LOS ANGELES COUNTY, Calif. - It's one of the last remaining coastal wetlands in Southern California. But the 600-acre ecological reserve is being flooded with homeless people living in RVs – and it's only getting worse.
A person believed to be homeless threw a portable bathroom at a woman who was cleaning up the Ballona Wetlands in Playa del Rey.
"It was humiliating and embarrassing, but I feel like I took one for the team because everybody got to see that this is just another day in Playa del Rey," said the victim, who did not want to be named.
The woman met with community leaders and other Playa del Rey residents in hopes of addressing the homeless crisis.
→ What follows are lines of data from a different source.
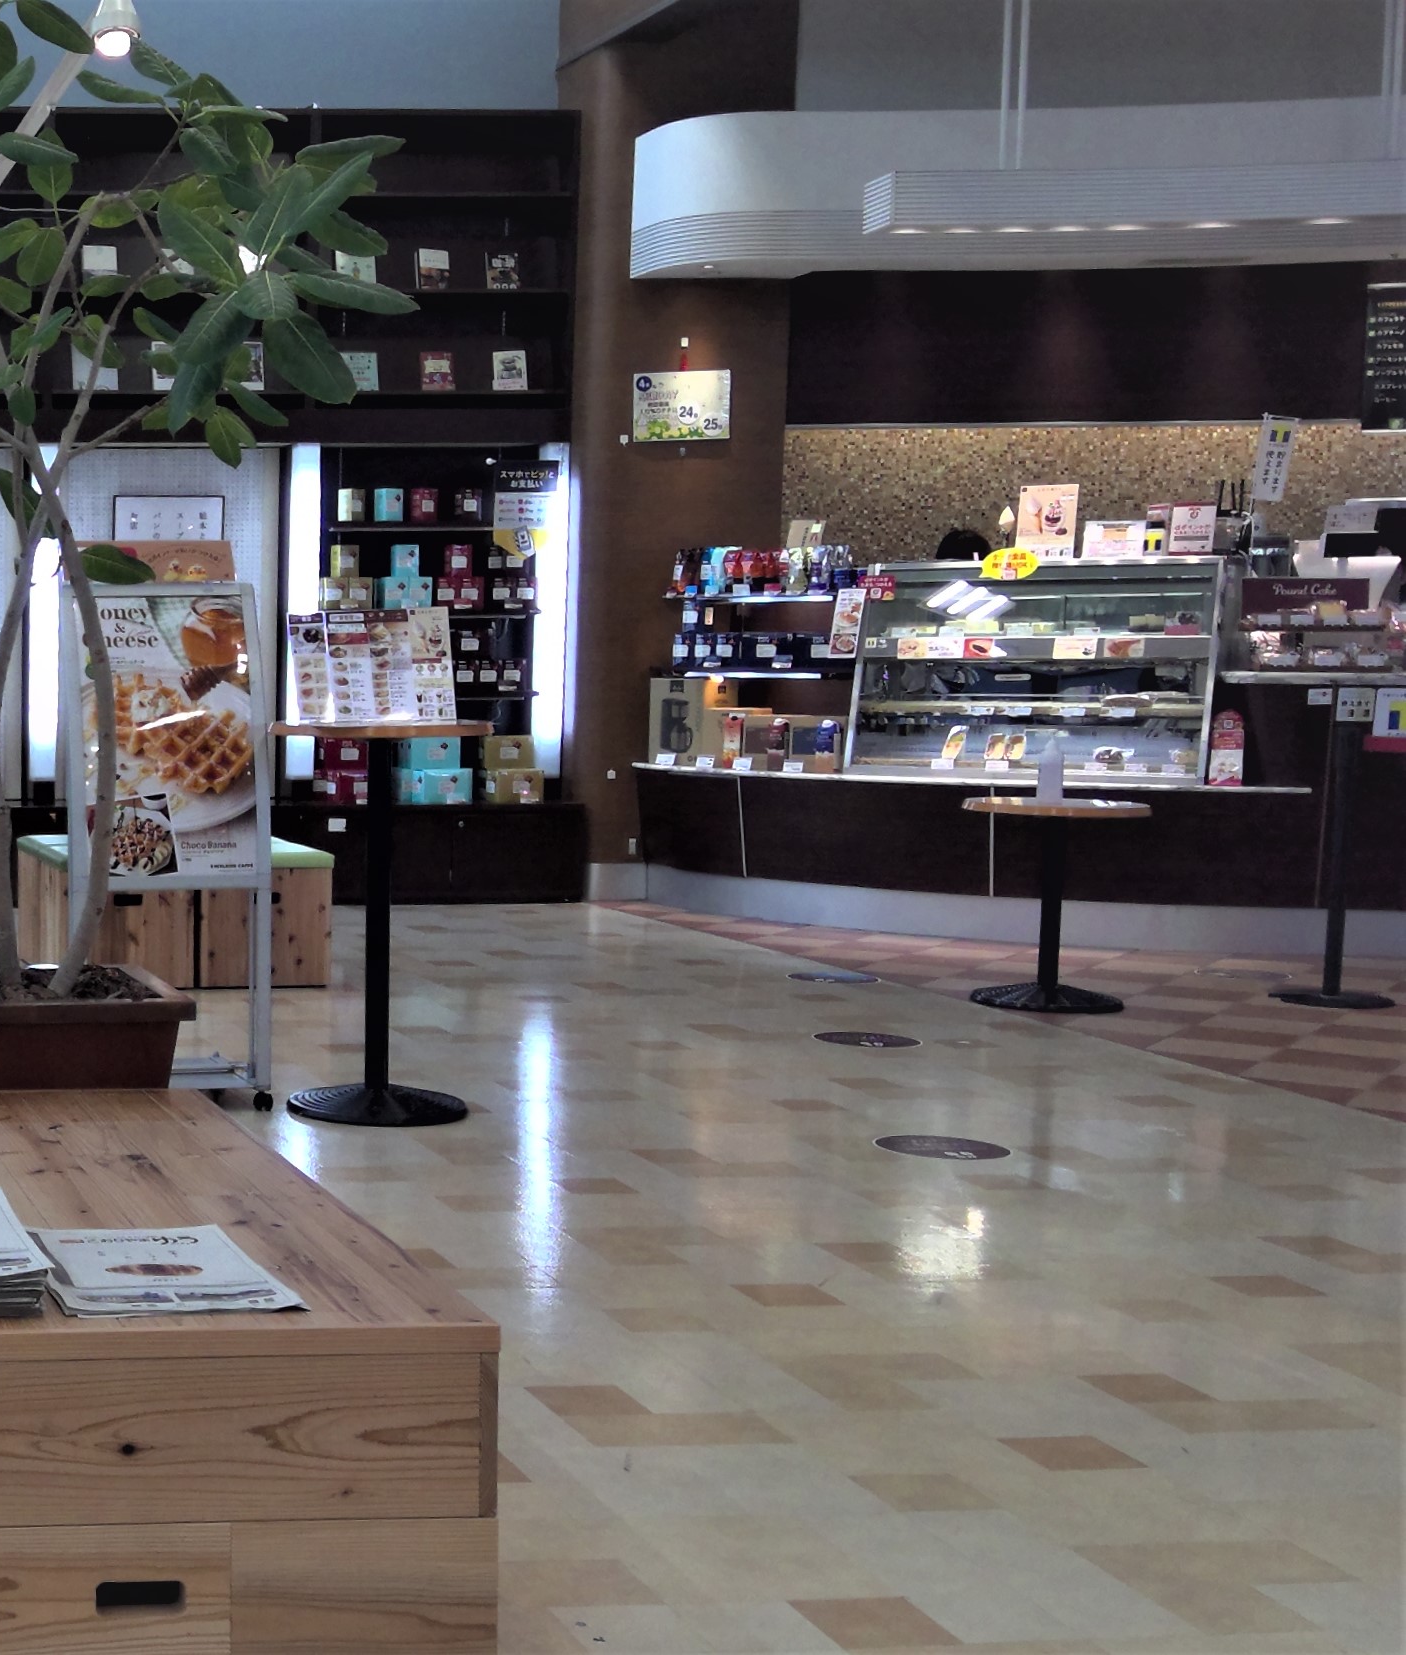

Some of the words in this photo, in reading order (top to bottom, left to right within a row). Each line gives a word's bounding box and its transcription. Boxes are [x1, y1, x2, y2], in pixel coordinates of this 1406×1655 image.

[510, 479, 544, 489] お支払い
[1272, 583, 1309, 596] Pound
[1310, 583, 1338, 596] Cake
[99, 607, 150, 626] oney
[114, 622, 126, 634] &
[207, 840, 237, 849] Banana
Along with a foul stench, Jefferson Boulevard is littered with bike down RVs, trash and needles – much of the debris being left on protected land.
In hopes of trying to help, Los Angeles mayoral candidate Joe Buscaino installed a porta-potty near the RVs. For the woman, however, the cleaning experience could not have turned out any worse.
"We turned to go to our cars and this vehicle dweller, came out of nowhere and she had a bucket of porta-potty water that she threw and I was in the line of fire so I got blanketed in porta potty water and toilet paper and feces and urine."
According to Playa del Rey community leader Lucy Han, the portable bathroom incident marks one of many growing problems at the wetlands.
"There’s human trafficking, meth lab, 5-acre fire couldn’t get to hydrant because blocked by vehicle dweller, four-person shooting, shooting into bluffs above and breaking into homes. LAPD called out over 100 times last year to address crime in area," Lucy Han, the community leader, claims.
Resident Sara Kay was among the witnesses of the humiliating attack.
"It’s one thing if we’re being asked to sacrifice our public spaces, safety quality of life etc," Kay said. "If we felt like we were really helping people… but this is not helping anybody. People living in these encampments… [why are we] allowing this? So they can feel good about what they’ve said and what they’ve done?"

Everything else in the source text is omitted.